§ **Provided material**

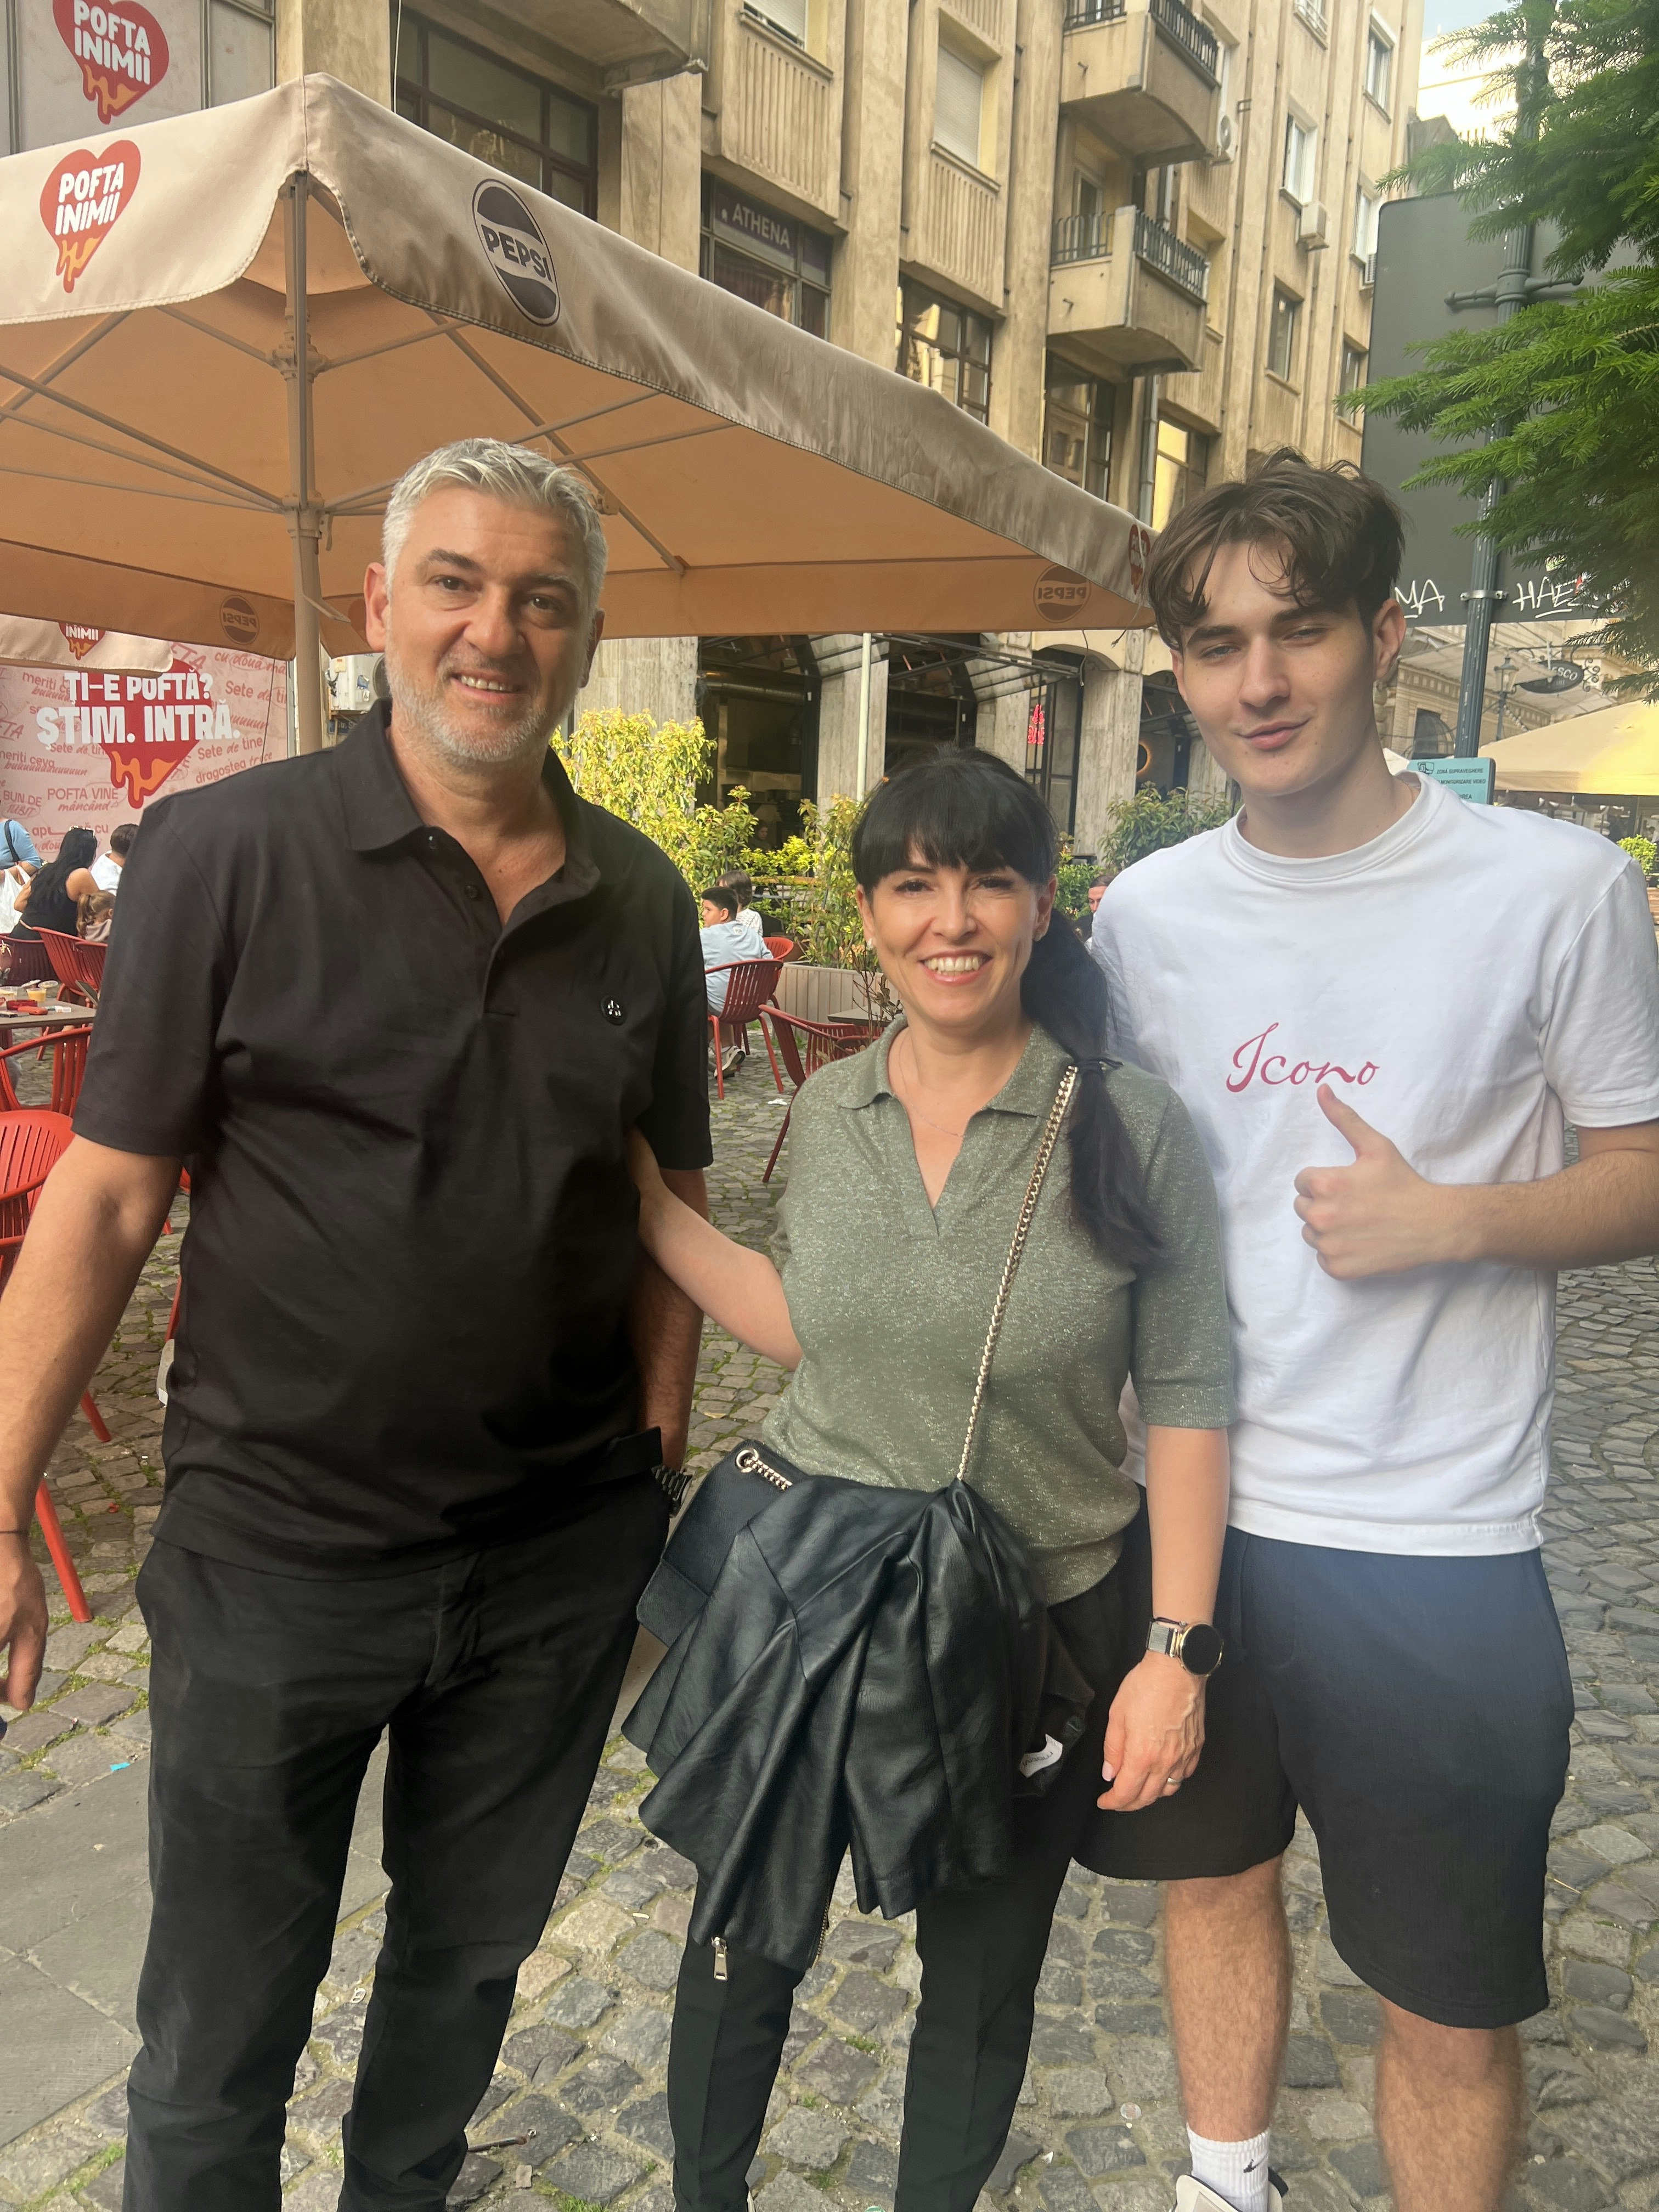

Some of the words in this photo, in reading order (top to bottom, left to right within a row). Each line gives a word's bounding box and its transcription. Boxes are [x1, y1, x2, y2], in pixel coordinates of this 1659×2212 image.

[74, 0, 151, 56] POFTA
[74, 27, 150, 85] INIMII
[58, 162, 124, 203] POFTA
[55, 191, 120, 236] INIMII
[732, 203, 791, 250] ATHENA
[481, 224, 553, 283] PEPSI
[66, 625, 99, 641] INIMII
[127, 668, 213, 701] POFTĂ?
[225, 680, 253, 698] Sete
[144, 698, 241, 742] INTRĂ.
[198, 744, 223, 760] Sete
[242, 737, 263, 750] tine
[195, 760, 246, 784] dragostea
[3, 789, 25, 803] BUN
[28, 795, 42, 807] DE
[47, 788, 88, 800] POFTA
[92, 788, 119, 800] VINE
[58, 800, 110, 812] mâncând
[1226, 1022, 1380, 1093] Icono
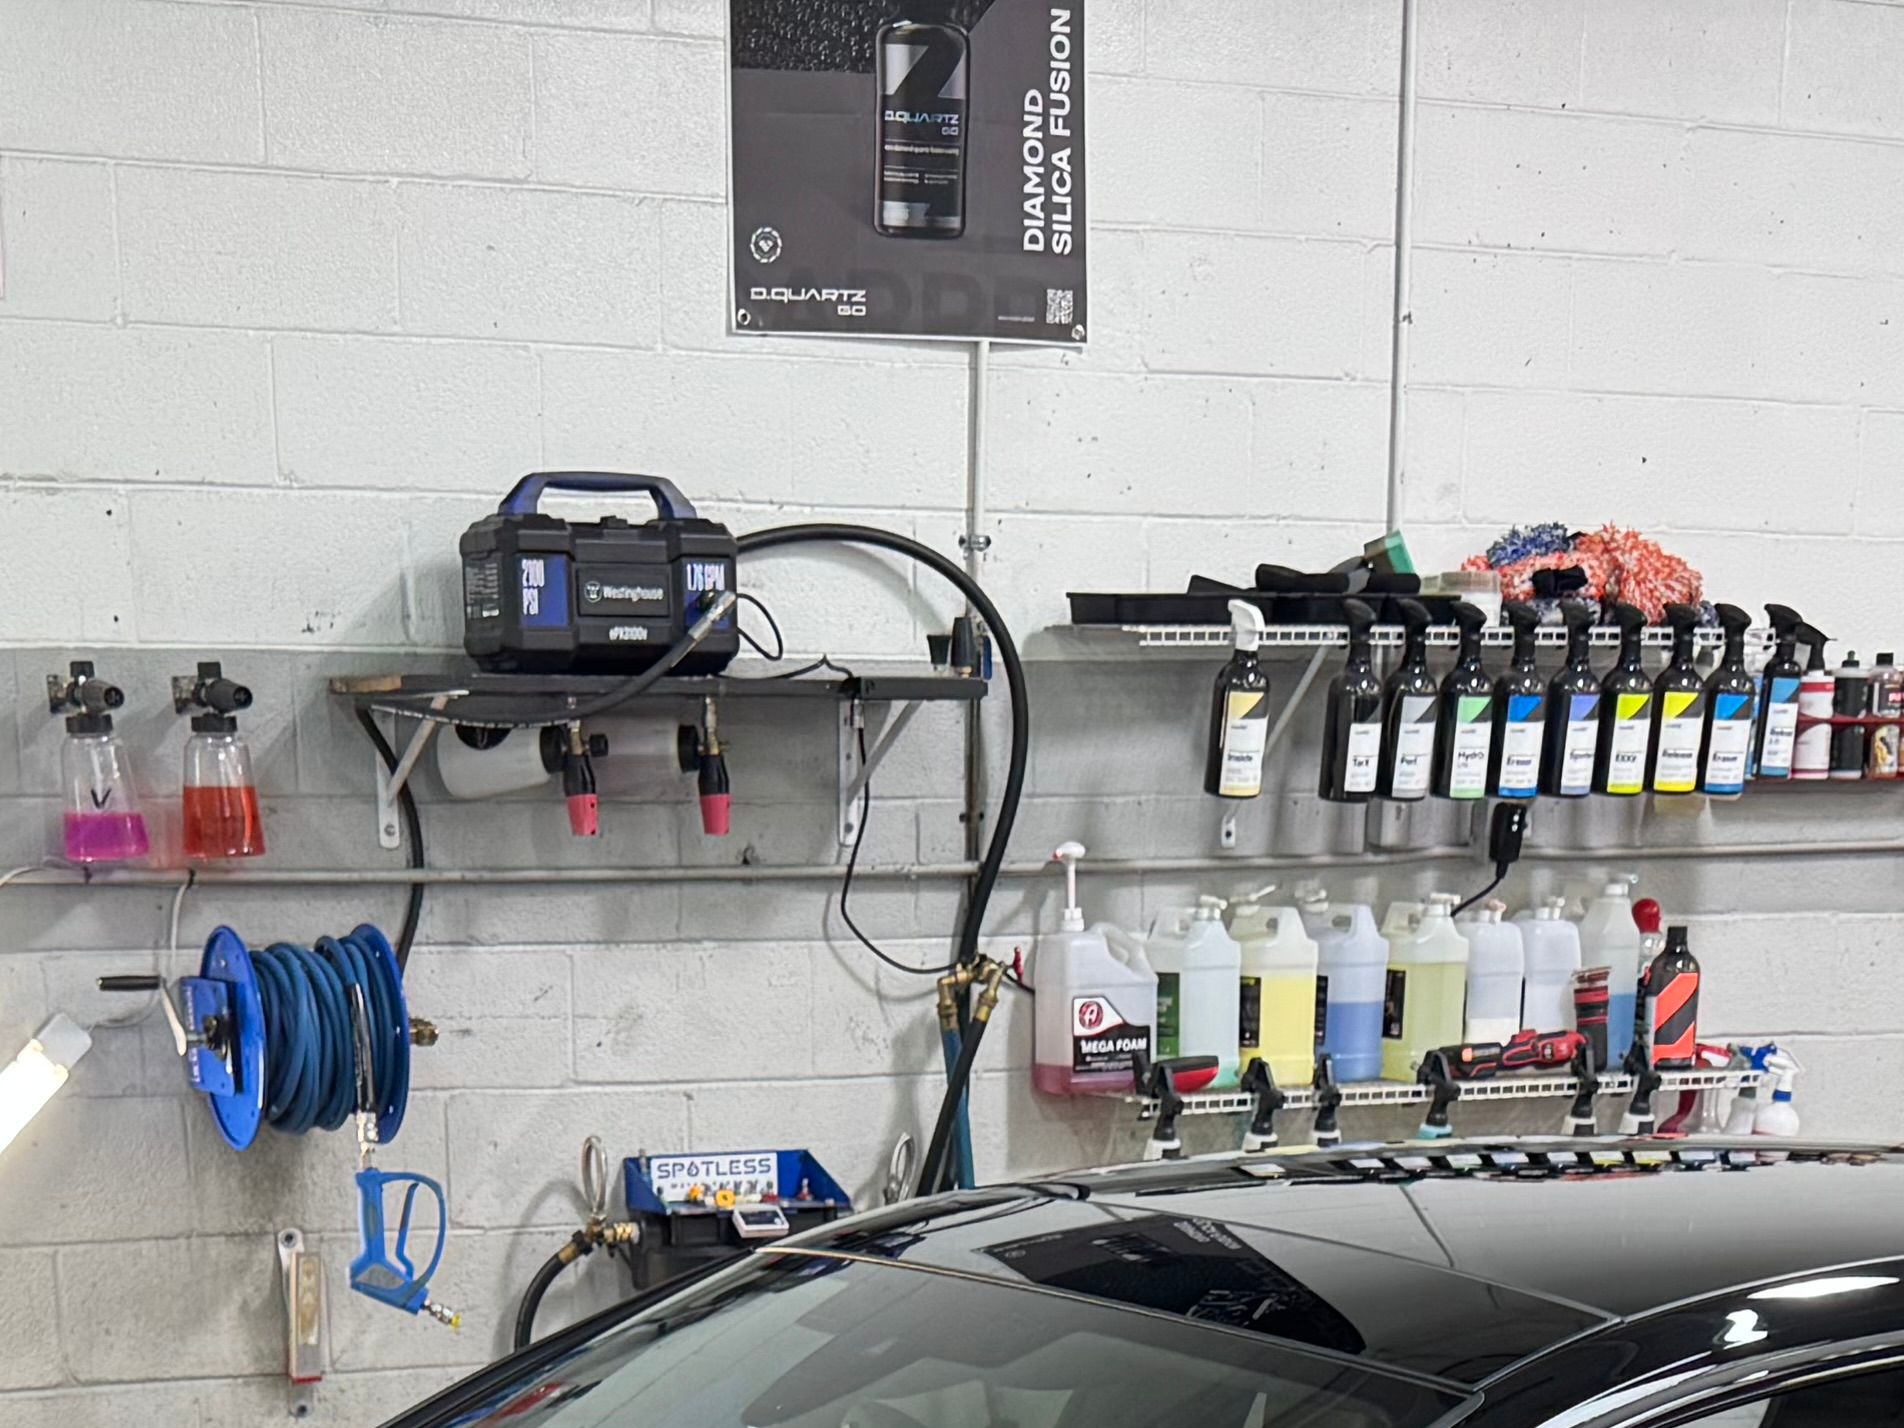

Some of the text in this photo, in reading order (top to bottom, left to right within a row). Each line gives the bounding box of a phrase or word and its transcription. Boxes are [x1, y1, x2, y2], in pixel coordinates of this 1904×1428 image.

[1050, 8, 1073, 255] SILICA FUSION
[1022, 88, 1045, 252] DIAMOND
[750, 287, 866, 303] D.QUARTZ
[522, 588, 540, 616] PSI
[603, 586, 665, 602] Westinghouse
[1080, 1037, 1148, 1053] MEGA FOAM
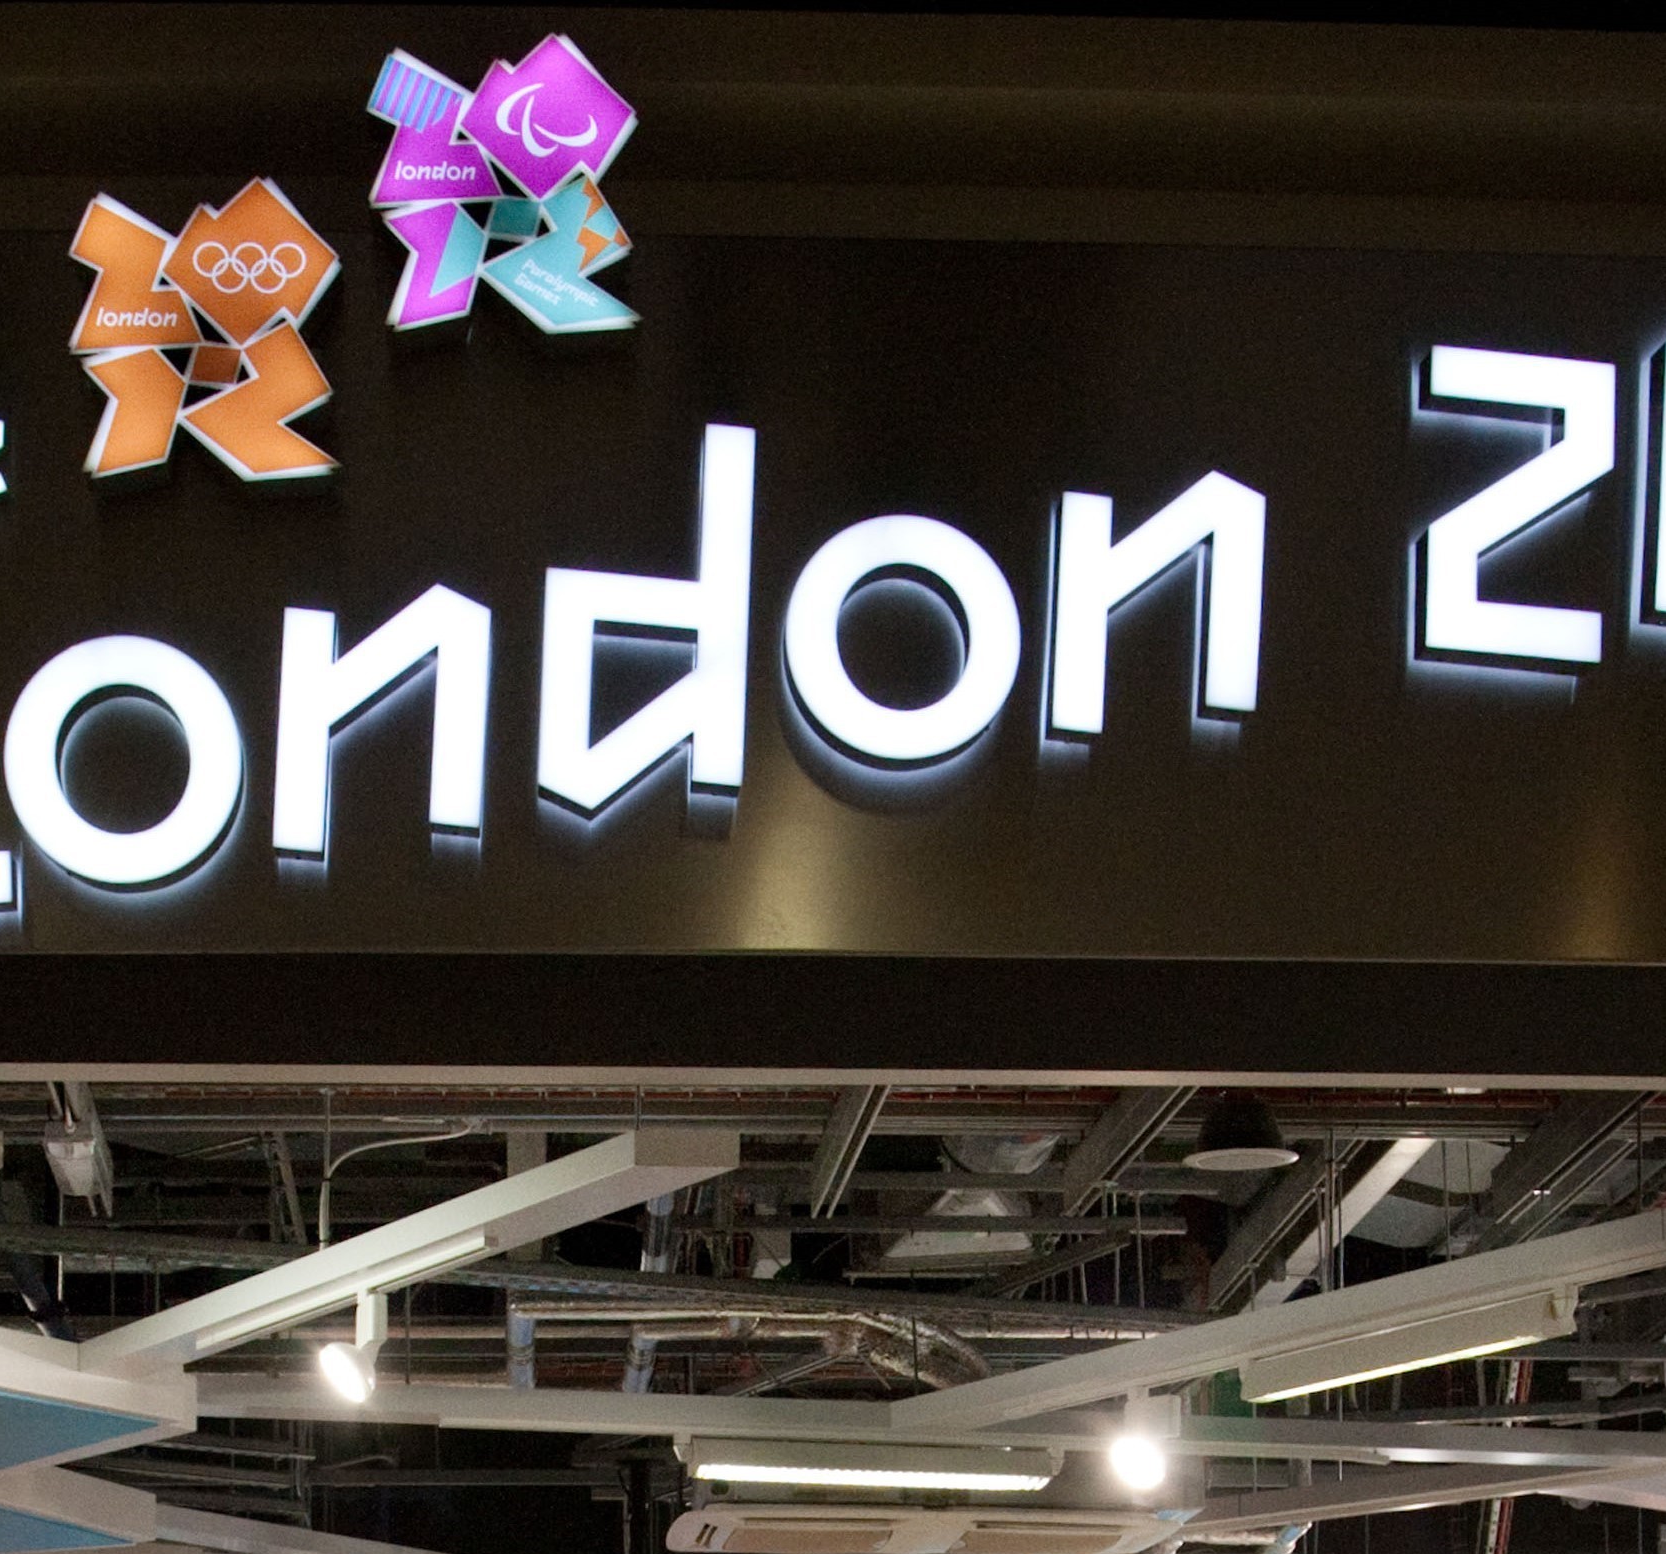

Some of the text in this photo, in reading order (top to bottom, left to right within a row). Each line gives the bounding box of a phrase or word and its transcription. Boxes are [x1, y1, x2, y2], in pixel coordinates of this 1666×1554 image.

[394, 160, 477, 182] london
[513, 272, 562, 306] Games
[521, 257, 600, 308] Paralympic
[95, 306, 178, 328] london

§ **The problem**
Each record should be given again exactly, with no picture carried over.

§ **Reply to the task**
Some of the words in this photo, in reading order (top to bottom, left to right within a row). Each line gives a word's bounding box and its transcription. Boxes are [x1, y1, x2, y2], in pixel coordinates of this 1659×2212 image.

[74, 0, 151, 56] POFTA
[74, 27, 150, 85] INIMII
[58, 162, 124, 203] POFTA
[55, 191, 120, 236] INIMII
[732, 203, 791, 250] ATHENA
[481, 224, 553, 283] PEPSI
[66, 625, 99, 641] INIMII
[127, 668, 213, 701] POFTĂ?
[225, 680, 253, 698] Sete
[144, 698, 241, 742] INTRĂ.
[198, 744, 223, 760] Sete
[242, 737, 263, 750] tine
[195, 760, 246, 784] dragostea
[3, 789, 25, 803] BUN
[28, 795, 42, 807] DE
[47, 788, 88, 800] POFTA
[92, 788, 119, 800] VINE
[58, 800, 110, 812] mâncând
[1226, 1022, 1380, 1093] Icono

Some of the text in this photo, in reading order (top to bottom, left to right within a row). Each line gives the bounding box of a phrase or word and its transcription. Boxes are [x1, y1, x2, y2], in pixel coordinates of this 1904×1428 image.

[1050, 8, 1073, 255] SILICA FUSION
[1022, 88, 1045, 252] DIAMOND
[750, 287, 866, 303] D.QUARTZ
[522, 588, 540, 616] PSI
[603, 586, 665, 602] Westinghouse
[1080, 1037, 1148, 1053] MEGA FOAM

Some of the text in this photo, in reading order (top to bottom, left to right within a row). Each line gives the bounding box of a phrase or word and its transcription. Boxes are [x1, y1, x2, y2], in pixel coordinates of this 1666×1554 image.

[394, 160, 477, 182] london
[513, 272, 562, 306] Games
[521, 257, 600, 308] Paralympic
[95, 306, 178, 328] london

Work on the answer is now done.